→ Records shown
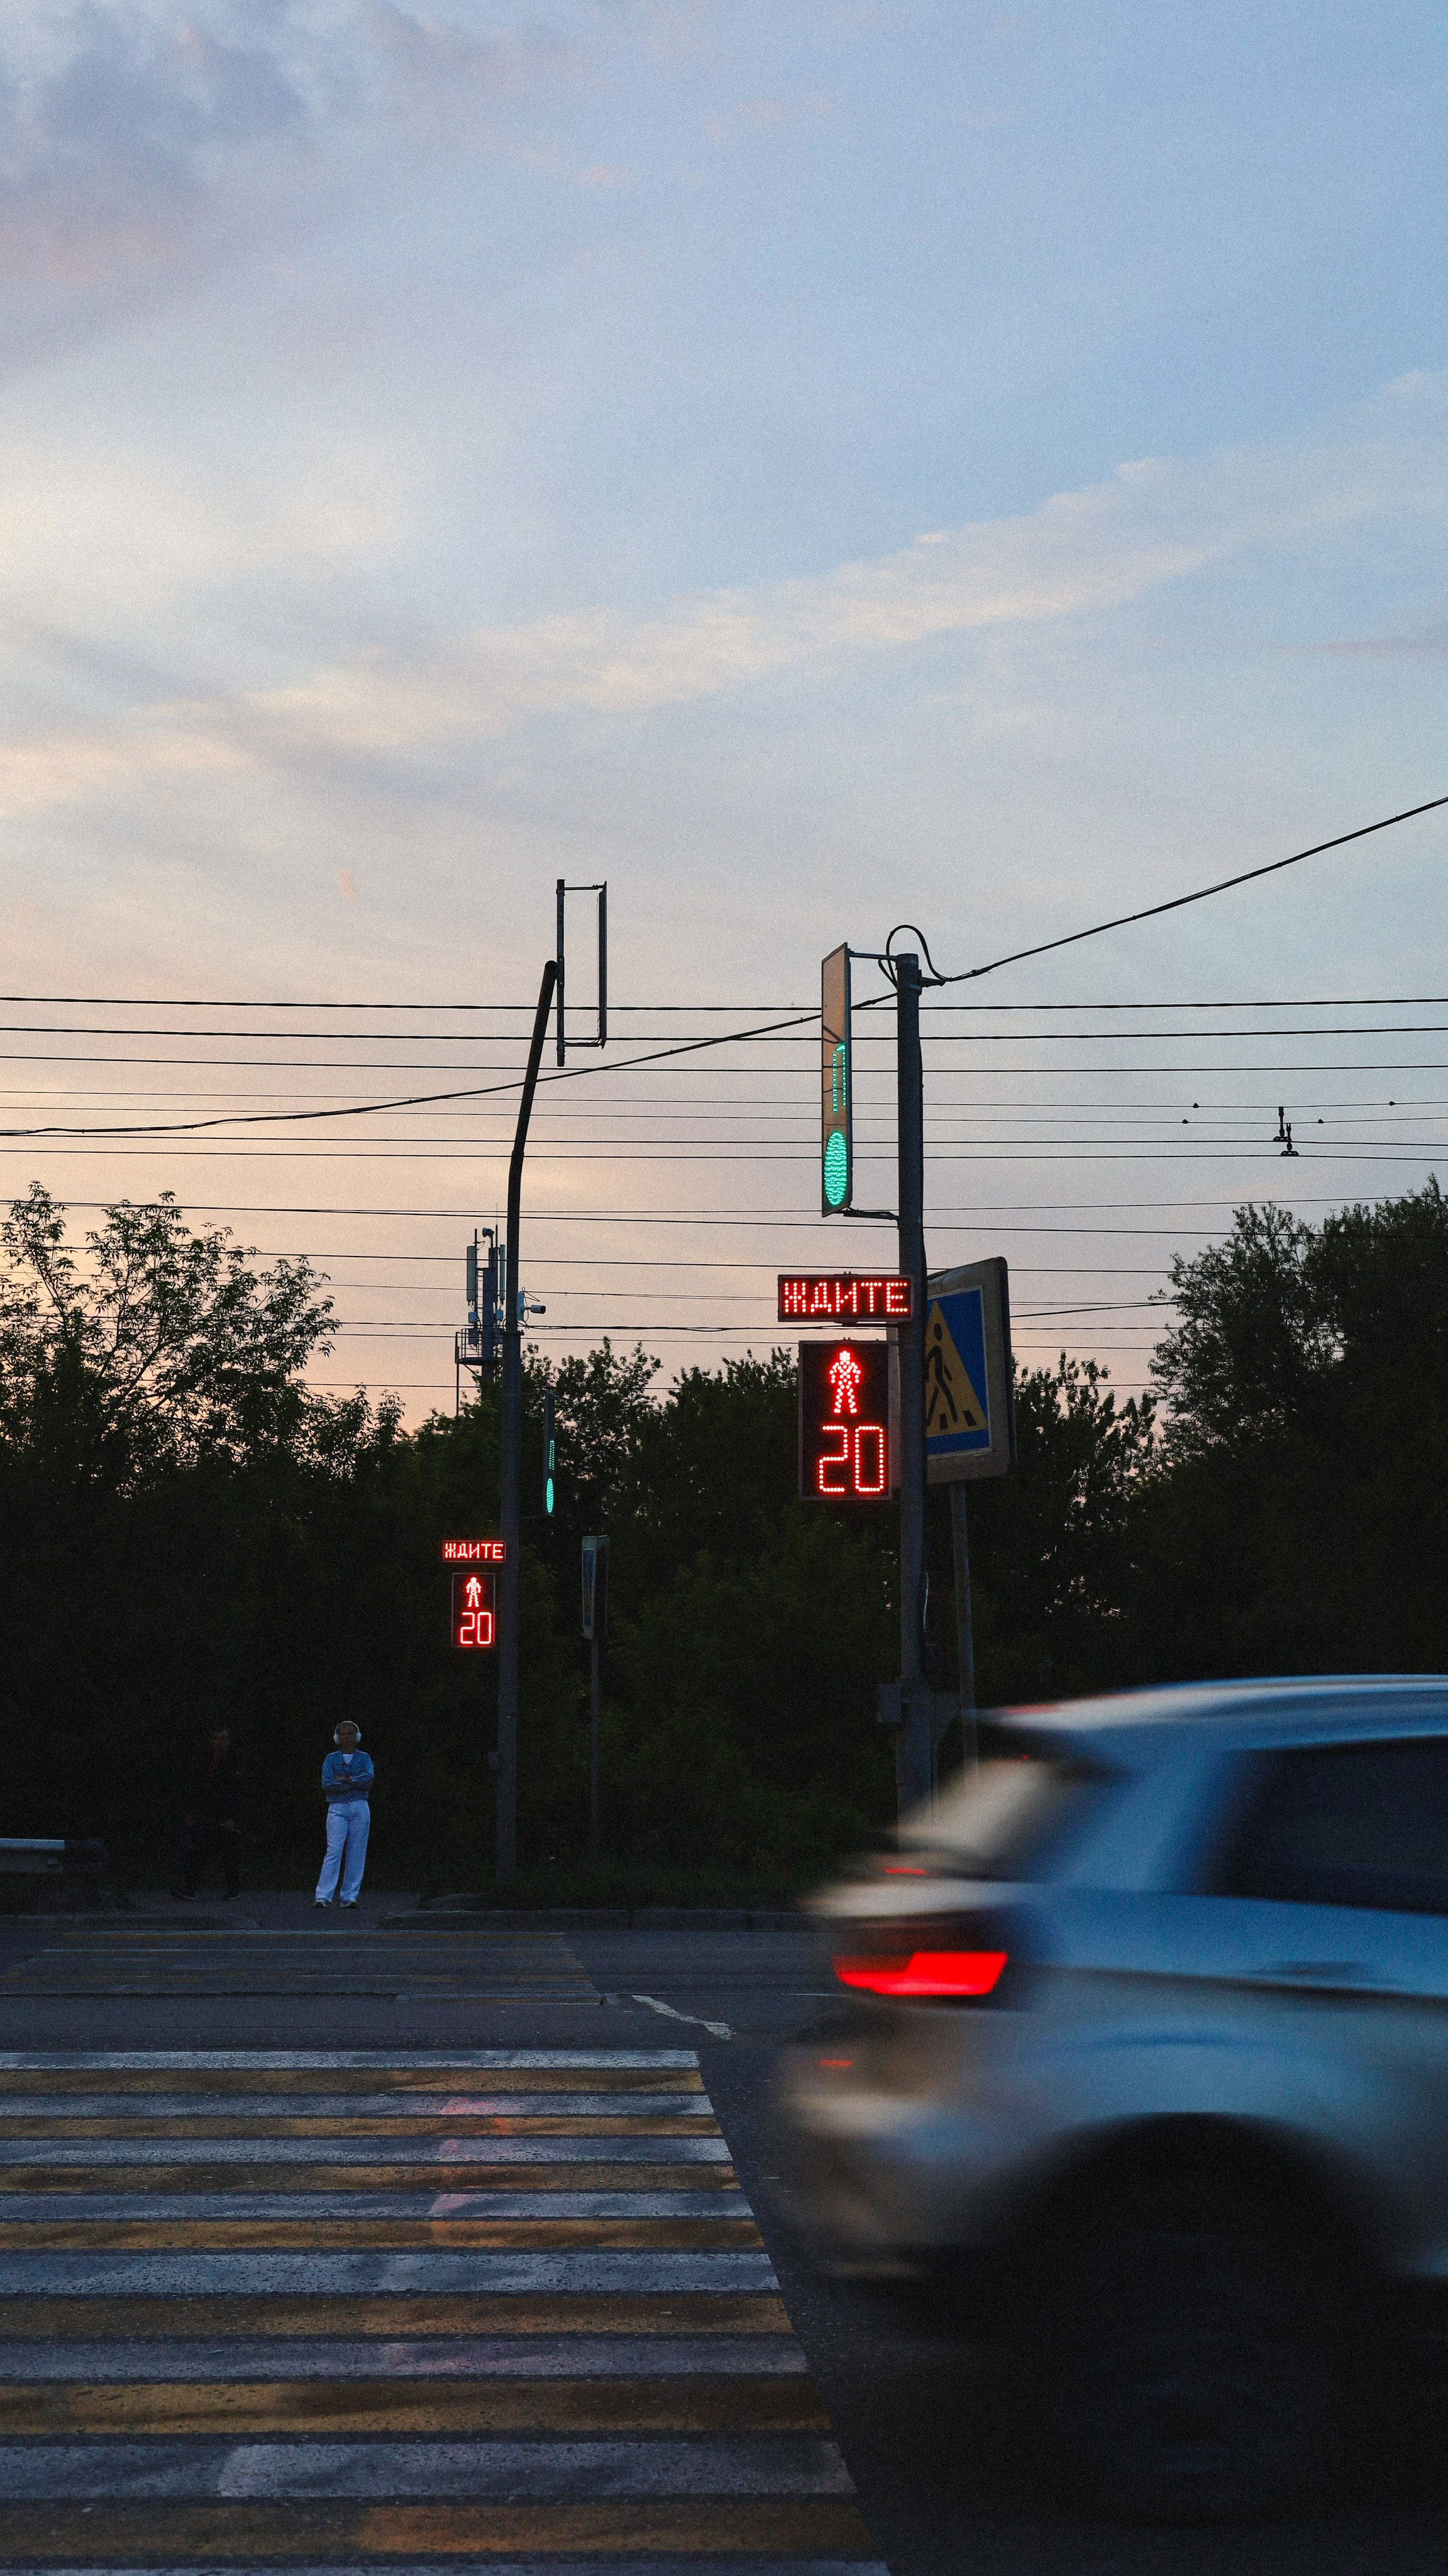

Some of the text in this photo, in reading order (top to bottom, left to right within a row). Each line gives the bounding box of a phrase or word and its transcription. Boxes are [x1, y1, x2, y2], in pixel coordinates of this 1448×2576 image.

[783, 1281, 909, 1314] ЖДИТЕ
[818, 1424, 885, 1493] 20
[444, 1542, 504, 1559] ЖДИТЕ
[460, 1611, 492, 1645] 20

→ What the task asks
Dropping every picture, restate the material word for word.

→ Task response
Some of the text in this photo, in reading order (top to bottom, left to right within a row). Each line gives the bounding box of a phrase or word and its transcription. Boxes are [x1, y1, x2, y2], in pixel coordinates of this 1448×2576 image.

[783, 1281, 909, 1314] ЖДИТЕ
[818, 1424, 885, 1493] 20
[444, 1542, 504, 1559] ЖДИТЕ
[460, 1611, 492, 1645] 20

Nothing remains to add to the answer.